Life insurers continue to look for ways to improve underwriting efficiency without sacrificing risk discipline. This challenge has become more pronounced as accelerated underwriting grows, changing how and when medical requirements are used to balance speed, cost, and risk protection.
Recent research from Munich Re Life US helps quantify this dynamic, showing that when Electronic Health Records (EHRs) are used as the first source of underwriting evidence—with additional requirements ordered only when needed—decision rates increase, mortality outcomes improve, and overall underwriting costs decline.
Key findings from research
What this means for carriers
Published studies across reinsurers have consistently shown that accelerating underwriting decisions without adequate clinical context increases the risk of misclassification and mortality slippage. Munich Re's findings suggest that Leading with EHRs, paired with reflexive evidence strategies, provides a practical way for carriers to balance acceleration with protection to make more accurate risk decisions, reduce unnecessary follow‑up requirements, and focus underwriting effort where it is most needed.
Additionally, while these findings are grounded in accelerated underwriting, the underlying principles of evidence sequencing and early clinical insight can also be applied to other underwriting models as carriers modernize their workflows.
Why MIB EHR supports an EHR‑first strategy
While the Munich Re study focuses on accelerated underwriting, MIB's experience supports using EHRs first more broadly across underwriting models. When ordered early, EHRs frequently provide enough clinical data to support a decision without additional requirements—allowing carriers to avoid unnecessary cost and reserve follow‑up evidence for cases where it is truly needed. This is supported by an earlier Munich Re EHR Retro Study on Traditional APS replacement, which found that for 73% of cases, EHR provided sufficient information for decision making. While Munich Re demonstrates that leading with EHRs early in underwriting improves decisioning, RGA research (The 'Moneyball' Link to Digital Underwriting Evidence in Insurance | RGA) confirms that optimizing the sequencing of evidence—of which EHR is a core component—can reduce costs and maintain mortality outcomes. MIB's own data‑quality reviews also reinforce this point. Ongoing USCDI analyses show continued improvement in the presence of key underwriting elements such as medications, problems, encounters, vitals, and lab information—supporting decisions in a significant share of cases.

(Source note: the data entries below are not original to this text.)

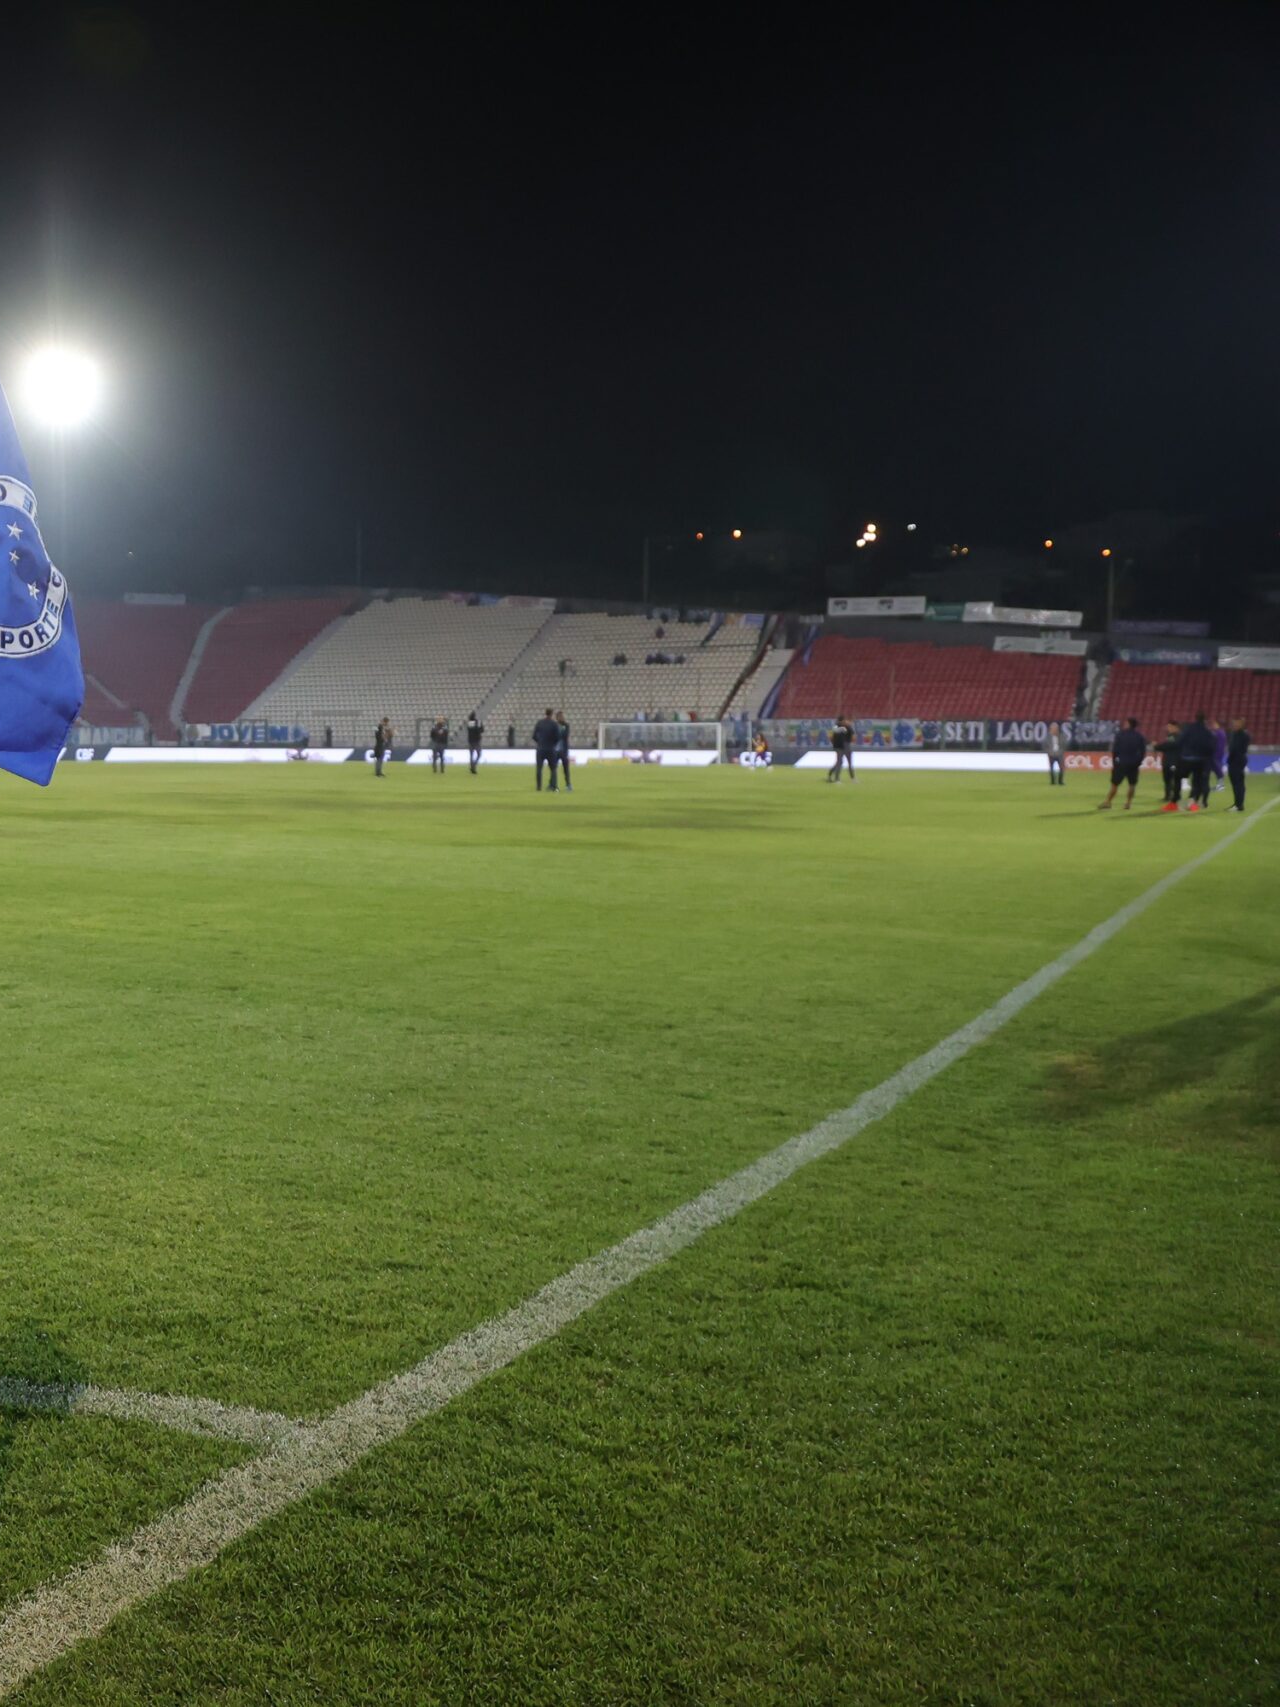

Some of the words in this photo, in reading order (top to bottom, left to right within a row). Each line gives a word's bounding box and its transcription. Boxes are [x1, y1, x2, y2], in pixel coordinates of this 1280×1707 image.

[204, 725, 289, 741] JOVEM
[995, 720, 1072, 741] LAGOS
[1064, 755, 1093, 769] GOL
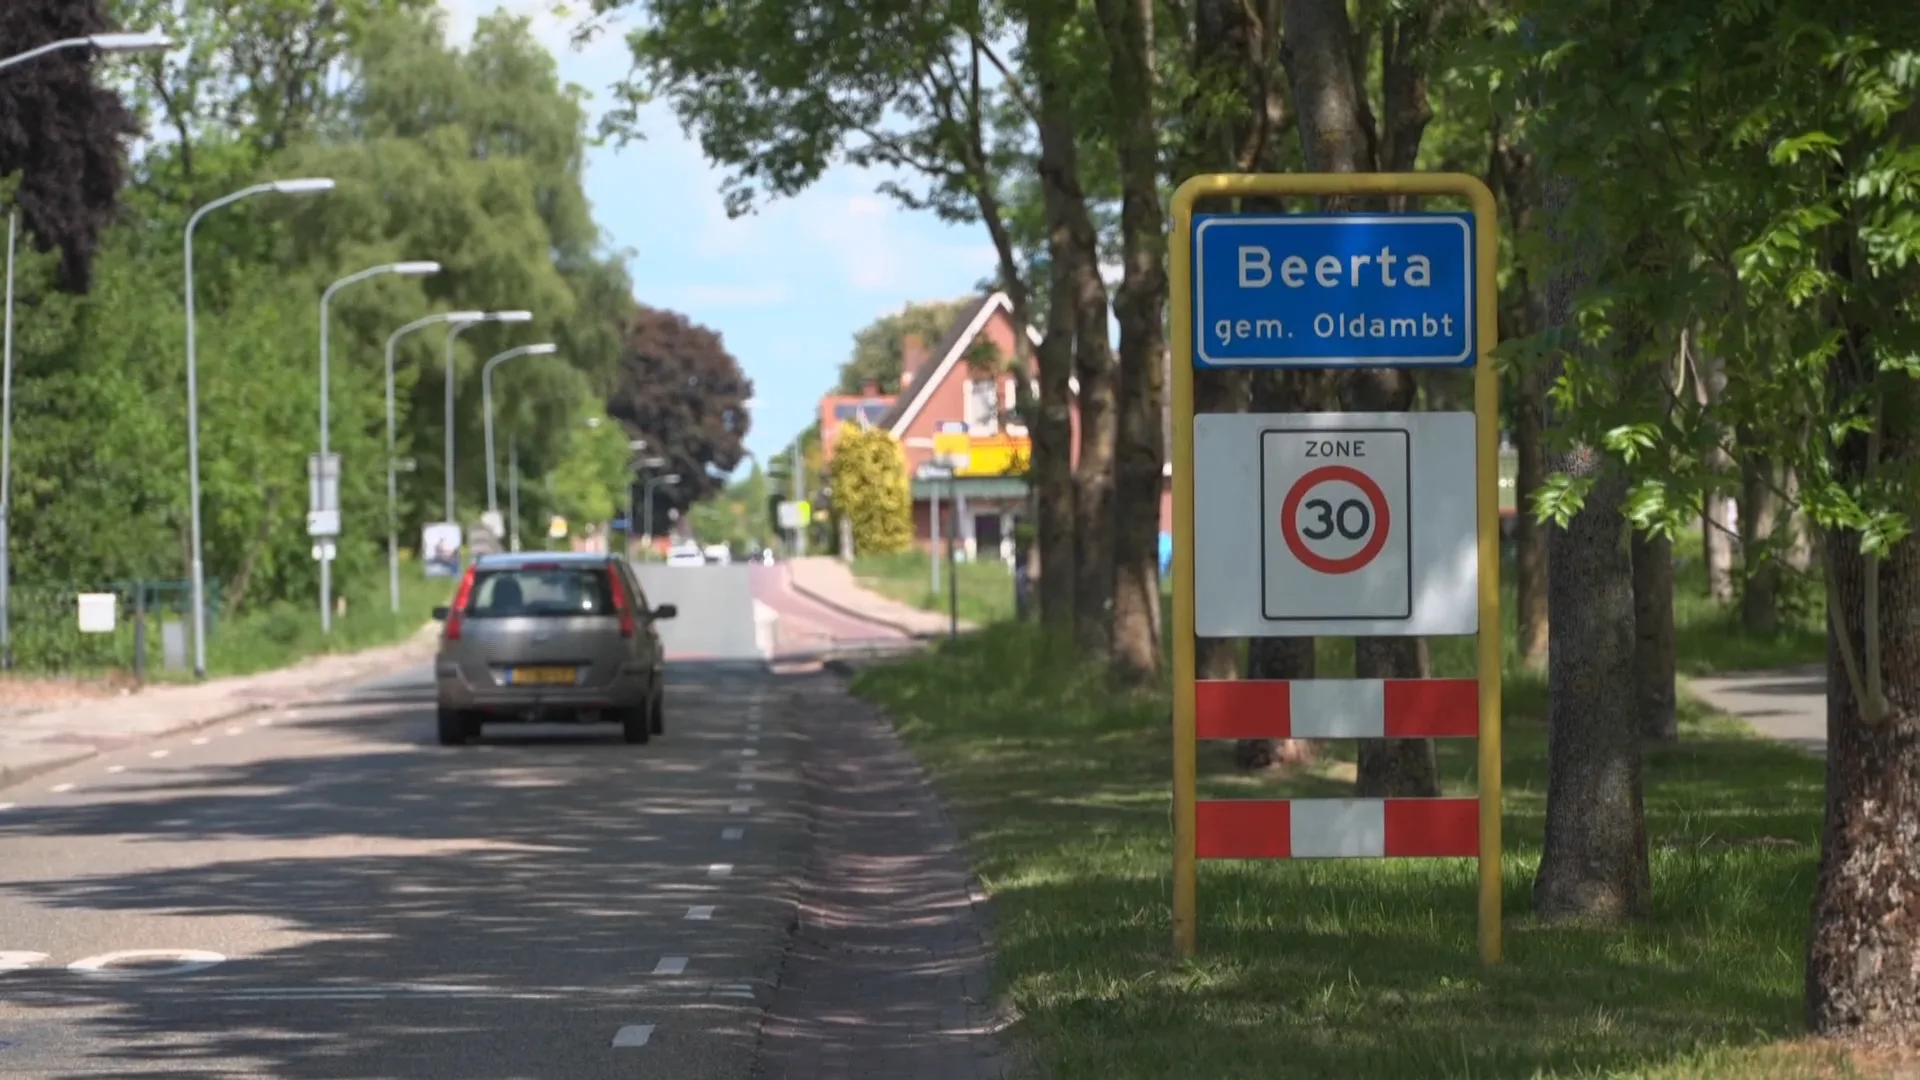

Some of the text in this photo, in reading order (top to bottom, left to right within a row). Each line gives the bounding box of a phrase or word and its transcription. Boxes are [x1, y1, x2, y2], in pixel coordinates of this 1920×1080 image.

[1238, 246, 1431, 288] Beerta
[1215, 312, 1453, 346] gem. Oldambt
[1305, 441, 1366, 457] ZONE
[1302, 499, 1370, 540] 30

When EHRs are sufficient, carriers avoid unnecessary requirement expense. And even when they are not, the early clinical insights they provide helps underwriters target exactly what evidence is needed next, rather than defaulting to broad, higher‑cost requirements.
In this way, EHR‑first workflows empower carriers to make faster, confident underwriting decisions, balancing risk and efficiency while unlocking substantial savings.